--- What the task asks ---
Please repeat every entry exactly as written, but skip the pictures.

--- Dataset records ---
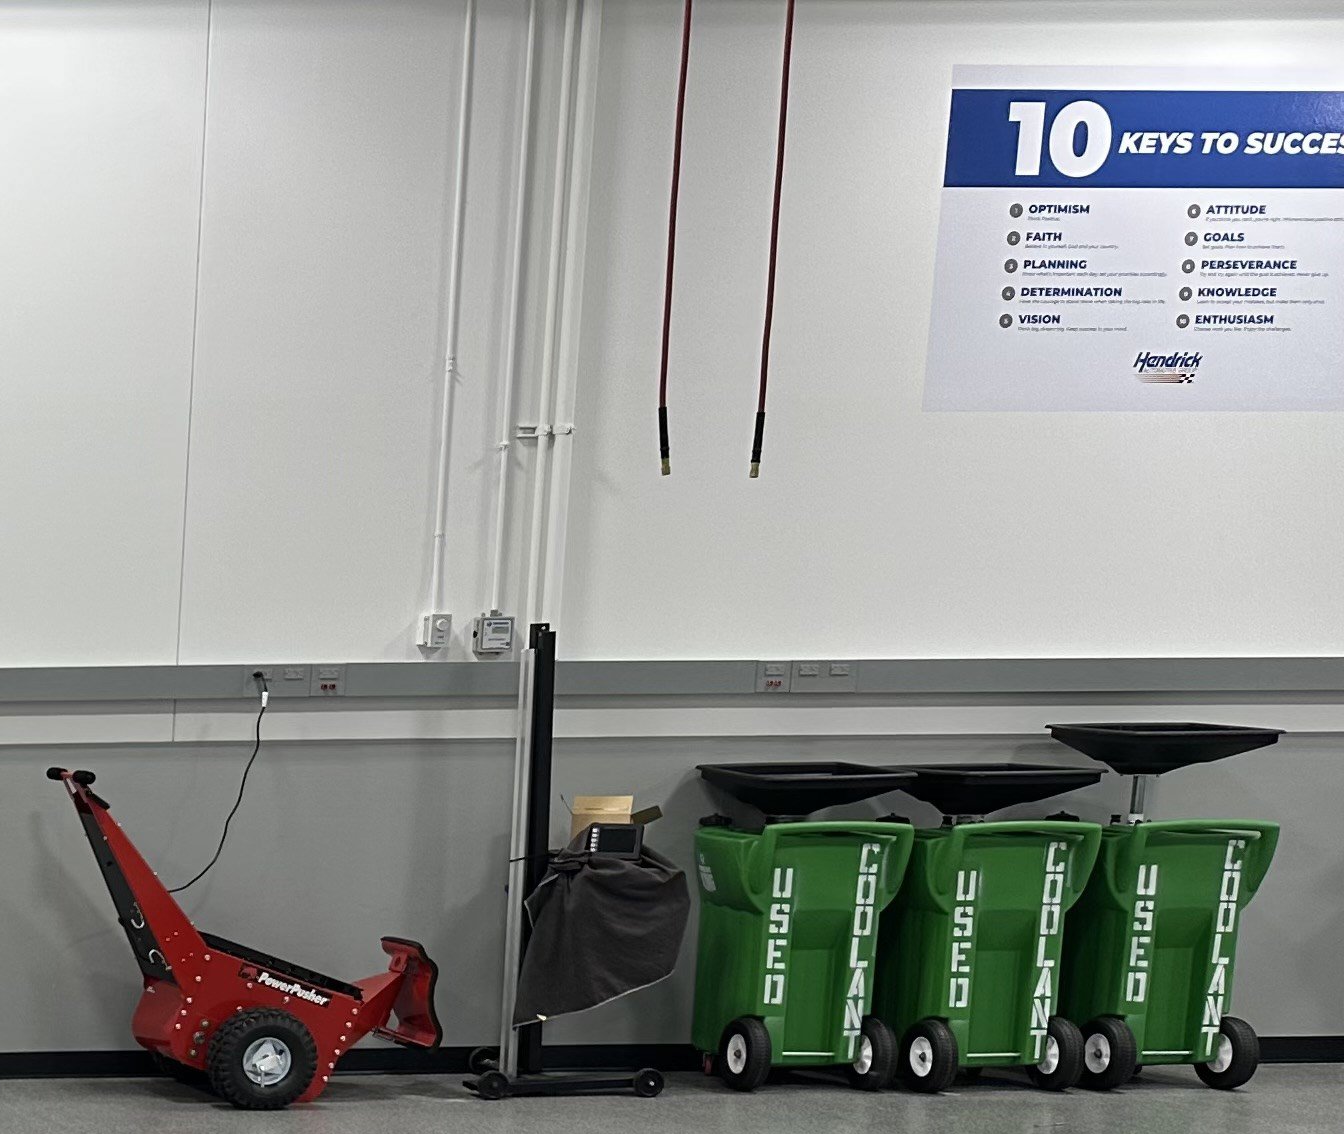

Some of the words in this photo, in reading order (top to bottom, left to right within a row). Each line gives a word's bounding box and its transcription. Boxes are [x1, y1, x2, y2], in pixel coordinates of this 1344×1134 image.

[1008, 100, 1112, 178] 10
[1118, 132, 1194, 154] KEYS
[1201, 132, 1239, 154] TO
[1028, 204, 1090, 214] OPTIMISM
[1206, 205, 1267, 215] ATTITUDE
[1025, 232, 1062, 241] FAITH
[1203, 232, 1245, 242] GOALS
[1023, 260, 1088, 269] PLANNING
[1201, 260, 1297, 270] PERSEVERANCE
[1020, 287, 1122, 297] DETERMINATION
[1197, 288, 1277, 297] KNOWLEDGE
[1018, 314, 1061, 324] VISION
[1194, 315, 1274, 324] ENTHUSIASM
[1132, 352, 1203, 373] Hendrick
[764, 868, 794, 1005] USED
[1126, 864, 1158, 1003] USED
[949, 870, 977, 1008] USED
[843, 843, 881, 1059] COOLANT
[1030, 842, 1067, 1059] COOLANT
[1201, 839, 1245, 1056] COOLANT
[257, 972, 330, 1006] PowerPusher
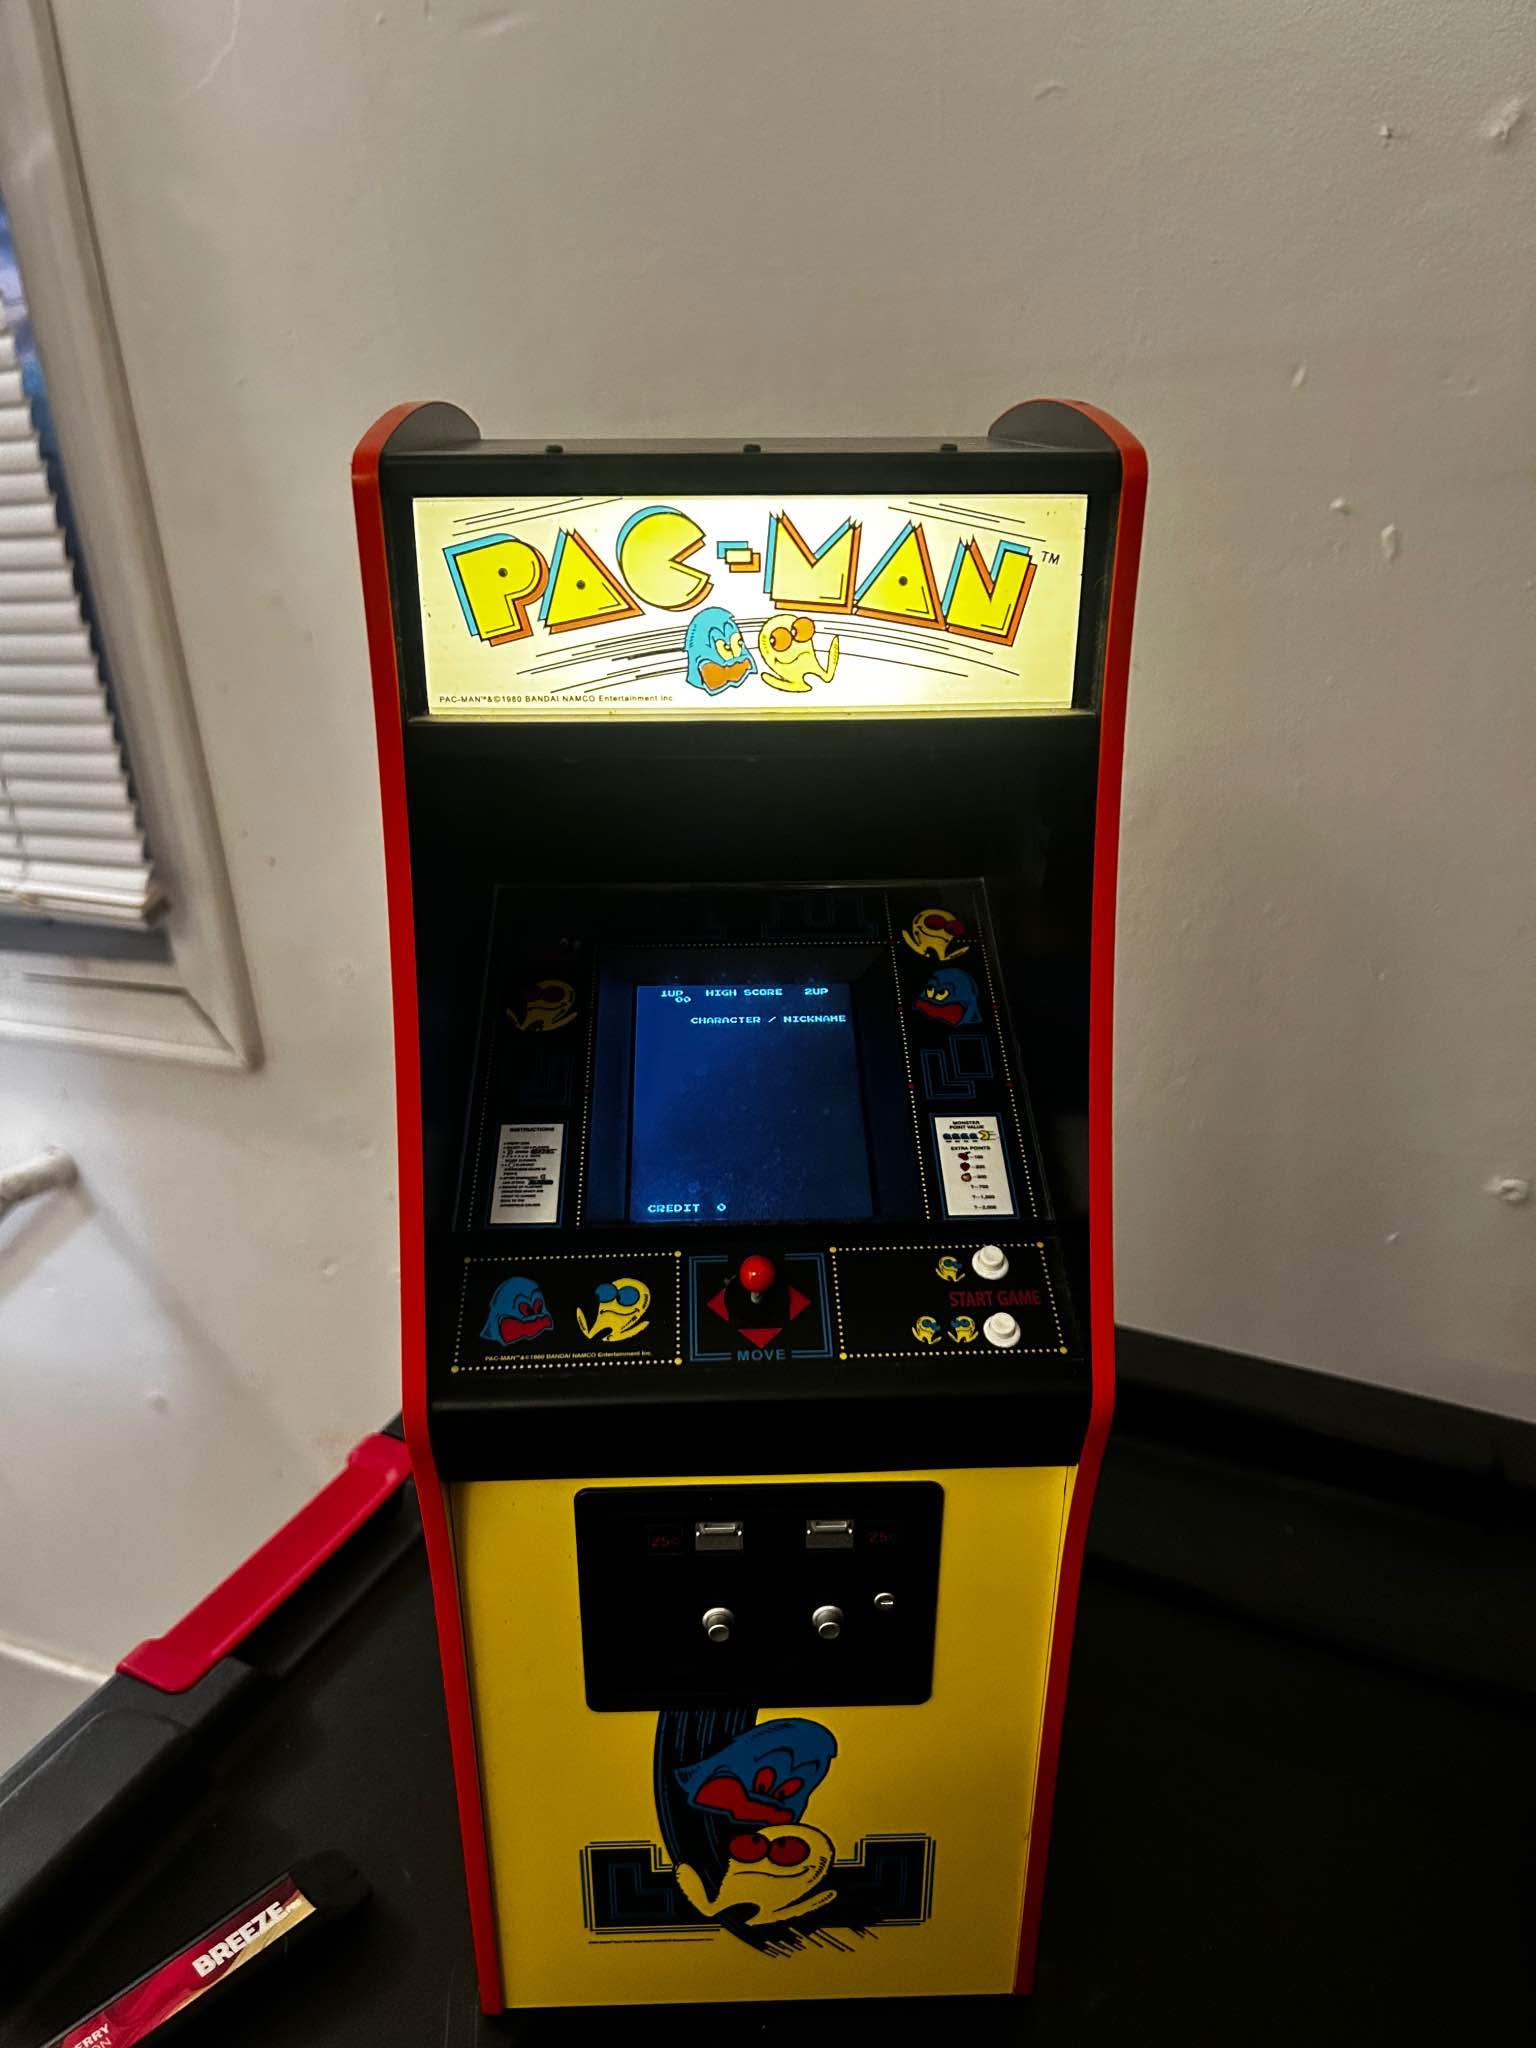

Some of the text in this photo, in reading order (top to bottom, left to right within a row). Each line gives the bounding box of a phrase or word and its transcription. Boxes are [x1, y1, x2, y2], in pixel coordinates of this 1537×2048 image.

[442, 505, 1037, 647] PAC-MAN
[743, 988, 783, 996] SCORE
[690, 1016, 761, 1024] CHARACTER
[783, 1015, 847, 1023] NICKNAME
[647, 1203, 727, 1213] CREDIT 0
[949, 1290, 1041, 1307] START GAME
[737, 1349, 785, 1361] MOVE
[192, 1901, 290, 1978] BREEZE

--- Task output ---
Some of the words in this photo, in reading order (top to bottom, left to right within a row). Each line gives a word's bounding box and its transcription. Boxes are [x1, y1, x2, y2], in pixel coordinates of this 1344×1134 image.

[1008, 100, 1112, 178] 10
[1118, 132, 1194, 154] KEYS
[1201, 132, 1239, 154] TO
[1028, 204, 1090, 214] OPTIMISM
[1206, 205, 1267, 215] ATTITUDE
[1025, 232, 1062, 241] FAITH
[1203, 232, 1245, 242] GOALS
[1023, 260, 1088, 269] PLANNING
[1201, 260, 1297, 270] PERSEVERANCE
[1020, 287, 1122, 297] DETERMINATION
[1197, 288, 1277, 297] KNOWLEDGE
[1018, 314, 1061, 324] VISION
[1194, 315, 1274, 324] ENTHUSIASM
[1132, 352, 1203, 373] Hendrick
[764, 868, 794, 1005] USED
[1126, 864, 1158, 1003] USED
[949, 870, 977, 1008] USED
[843, 843, 881, 1059] COOLANT
[1030, 842, 1067, 1059] COOLANT
[1201, 839, 1245, 1056] COOLANT
[257, 972, 330, 1006] PowerPusher

Some of the text in this photo, in reading order (top to bottom, left to right within a row). Each line gives the bounding box of a phrase or word and its transcription. Boxes are [x1, y1, x2, y2], in pixel coordinates of this 1537×2048 image.

[442, 505, 1037, 647] PAC-MAN
[743, 988, 783, 996] SCORE
[690, 1016, 761, 1024] CHARACTER
[783, 1015, 847, 1023] NICKNAME
[647, 1203, 727, 1213] CREDIT 0
[949, 1290, 1041, 1307] START GAME
[737, 1349, 785, 1361] MOVE
[192, 1901, 290, 1978] BREEZE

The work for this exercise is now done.